Want to understand load imputed by floating point instructions - optimization

At outset, this may be a part-discussion part-solving kind of questions. No intent to offend anyone there.
I have written in 64 bit assembly the algorithm to generate MT Prime based random number generator for 64 bits. This generator function is required to be called 8 billion times to populate an array of size 2048x2048x2048, and generate a random no between 1..small_value (usually, 32)
Now I had two next steps possibilities :
(a) Keep generating numbers, compare with the limits [1..32] and discard those that don't fall within. The run time for this logic is 181,817 ms, measured by calling clock() function.
(b) take the 64 bit random number output in RAX,and scale it using FPU to be between [0..1], and then scale it up in the desired range [1..32] The code sequence for this is as below :
mov word ptr initialize_random_number_scaling,dx
fnclex ; clears status flag
call generate_fp_random_number ; returns a random number in ST(0) between [0..1]
fimul word ptr initialize_random_number_scaling ; Mults ST(0) & stores back in ST(0)
mov word ptr initialize_random_number_base,ax ; Saves base to a memory
fiadd word ptr initialize_random_number_base ; adds the base to the scaled fp number
frndint ; rounds off the ST(0)
fist word ptr initialize_random_number_result ; and stores this number to result.
ffree st(0) ; releases ST(0)
fincstp ; Logically pops the FPU
mov ax, word ptr initialize_random_number_result ; and saves it to AX
And the instructions in generate_fp_random_number are as below :
shl rax,1 ; RAX gets the original 64 bit random number using MT prime algorithm
shr ax,1 ; Clear top bit
mov qword ptr random_number_generator_act_number,rax ; Save the number in memory as we cannot move to ST(0) a number from register
fild qword ptr random_number_generator_max_number ; Load 0x7FFFFFFFFFFFFFFFH
fild qword ptr random_number_generator_act_number ; Load our number
fdiv st(0),st(1) ; We return the value through ST(0) itself, divide our random number with max possible number
fabs
ffree st(1) ; release the st(1)
fld1 ; push to top of stack a 1.0
fcomip st(0), st(1) ; compares our number in ST(1) with ST(0) and sets CF.
jc generate_fp_random_get_next_no ; if ST(0) (=1.0) < ST(1) (our no), we need a new no
fldz ; push to top of stack a 0.0
fcomip st(0),st(1) ; if ST(0) (=0.0) >ST(1) (our no) clears CF
jnc generate_fp_random_get_next_no ; so if the number is above zero the CF will be set
fclex
The problem is, just by adding these instructions, the run time jumps to a whopping 5,633,963 ms!
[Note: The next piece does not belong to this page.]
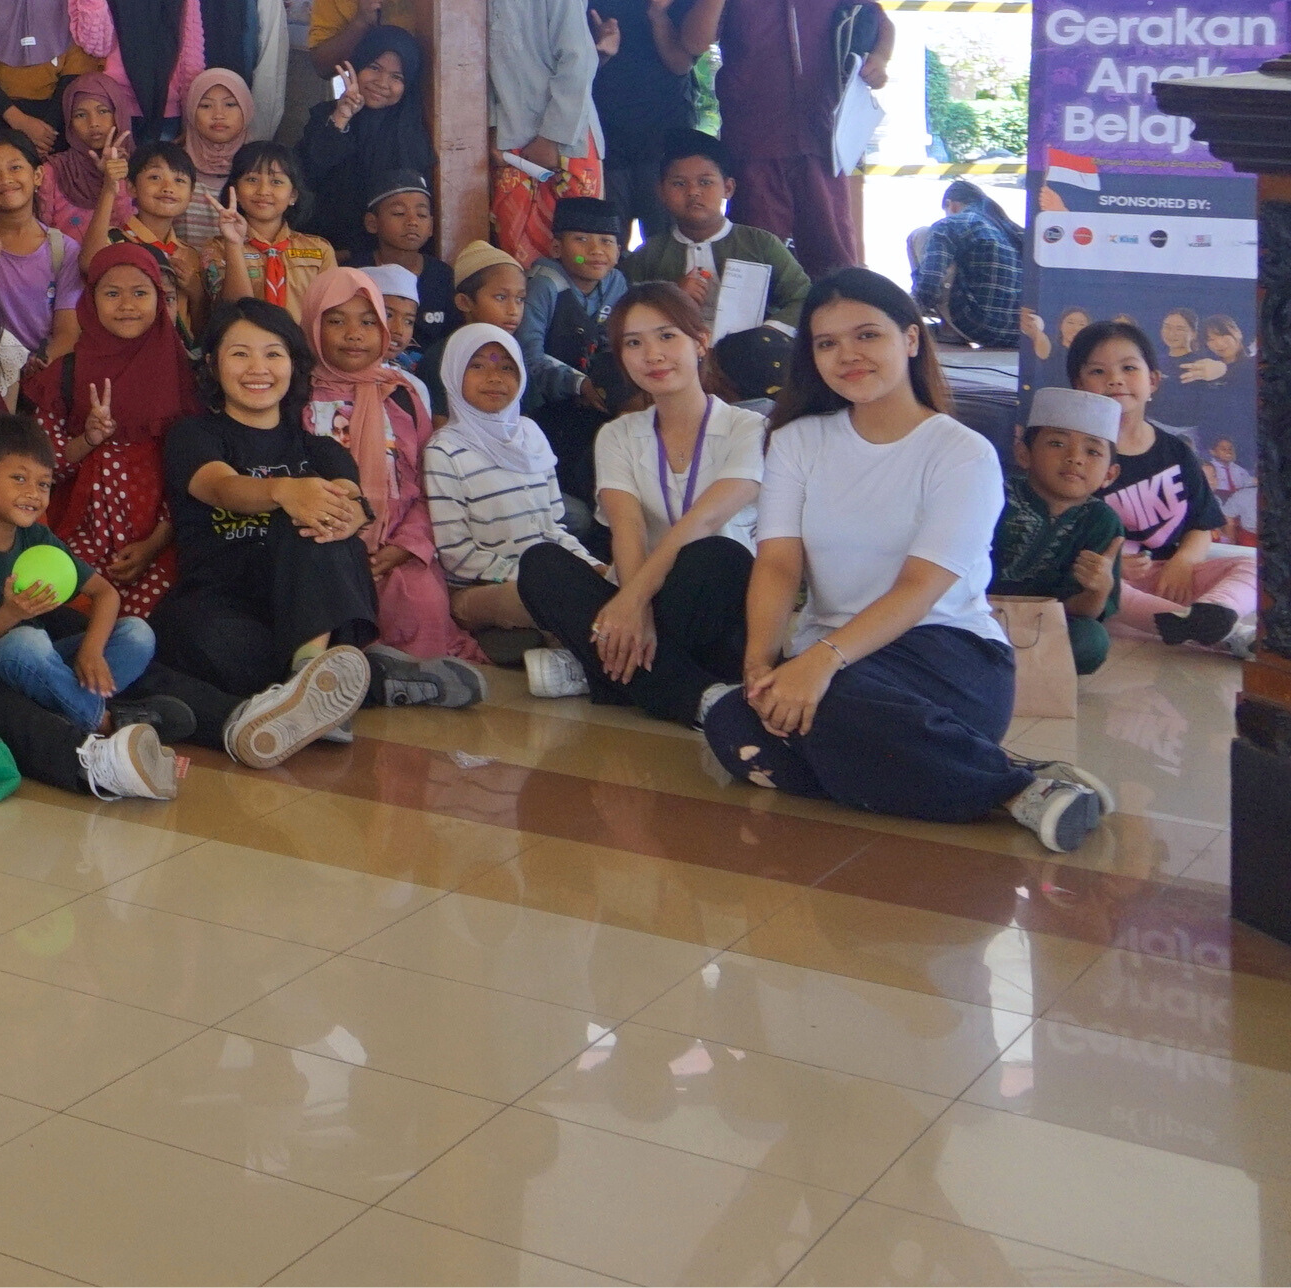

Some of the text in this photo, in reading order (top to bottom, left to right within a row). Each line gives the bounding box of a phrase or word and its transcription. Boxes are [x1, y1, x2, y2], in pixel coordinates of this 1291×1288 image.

[1046, 8, 1276, 45] Gerakan
[1064, 105, 1209, 153] Belaj
[1099, 195, 1211, 210] SPONSORED BY:
[1104, 464, 1188, 532] NIKE
I have written the above using xmm registers as an alternative, and the difference is absolutely marginal. (5,633,703 ms).
Would anyone kindly guide me on what degree of load do these additional instructions impute to the total run time? Is the FPU really this slow ? Or am I missing a trick? As always, all ideas are welcome and am grateful for your time and efforts.
Env : Windows 7 64 bit on Intel 2700K CPU overclocked to 4.4 GHz 16 GB RAM debugged in VS 2012 Express environment

"mov word ptr initialize_random_number_base,ax ; Saves base to a memory"
If you want the max speed you must find out how to separate write instructions and write data into different sections of memory
Rewriting data in the same area of cache creates a "self modifying code" situation
Your compiler may do this, it may not.
You need to know this because unoptimised assembly code runs 10 to 50 times slower
"All modern processors cache code and data memory for efficiency. Performance of assembly-language code can be seriously impaired if data is written to the same block of memory as that in which the code is executing, because it may cause the CPU repeatedly to reload the instruction cache (this is to ensure self-modifying-code works correctly). To avoid this, you should ensure that code and (writable) data do not occupy the same 2 Kbyte block of memory. "
http://www.bbcbasic.co.uk/bbcwin/manual/bbcwina.html#cache

There's a ton of stuff in your code that I can see no reason for. If there was a reason, feel free to correct me, but otherwise here are my alternatives:
For generate_fp_random_number
shl rax, 1
shr rax, 1
mov qword ptr act_number, rax
fild qword ptr max_number
fild qword ptr act_number
fdivrp ; divide actual by max and pop
; and that's it. It's already within bounds.
; It can't be outside [0, 1] by construction.
; It can't be < 0 because we just divided two positive number,
; and it can't be > 1 because we divided by the max it could be
For the other thing:
mov word ptr scaling, dx
mov word ptr base, ax
call generate_fp_random_number
fimul word ptr scaling
fiadd word ptr base
fistp word ptr result ; just save that thing
mov ax, word ptr result
; the default rounding mode is round to nearest,
; so the slow frndint is unnecessary
Also note the complete lack of ffree's etc. By making the right instruction pop, it all just worked out. It usually does.

Related

how hex file is converting into binary in microcontroller

I am new to embedded programming. I am using a compiler to convert source code into hex and I will burn into microcontroller. My question is: microntroller (all ICs) will support binary numbers only (0 & 1). Then how it is working with hex file?
the software that loads the program/data into the flash reads whatever format it support which may be intel hex, motorola srecord, elf, coff, or a raw binary or other. and then do the right thing to program the flash with just the relevant ones and zeros.
First of all, the PC you are using right now has a processor inside, which works just like any other microcontroller. You are using it to browse the internet, although it's all "1s and 0s on the inside". And I am presuming your actual firmware doesn't come even close to running what your PC is running at this moment.
microntroller will support binary numbers only (0 & 1)
Your idea that "microntroller only supports binary numbers (0 & 1)" is a misconception. At it's very low level, yes, microcontroller contains a bunch of transistors, and each of them can store only two states of information (a bit).
But the reason for this is simply because this is a practical way to physically store one small chunk of data.
If you check the assembly instruction manual for your uC architecture, you will see a large number of instructions operating on different data widths (bits grouped into 8, 16 or larger chunks). If your controller is, say, 16-bit, then this will the basic word size for most instructions, and the one that will be the most efficient. When programming in C, this will also be the size of the "special" int type which all smaller integral types get expanded to.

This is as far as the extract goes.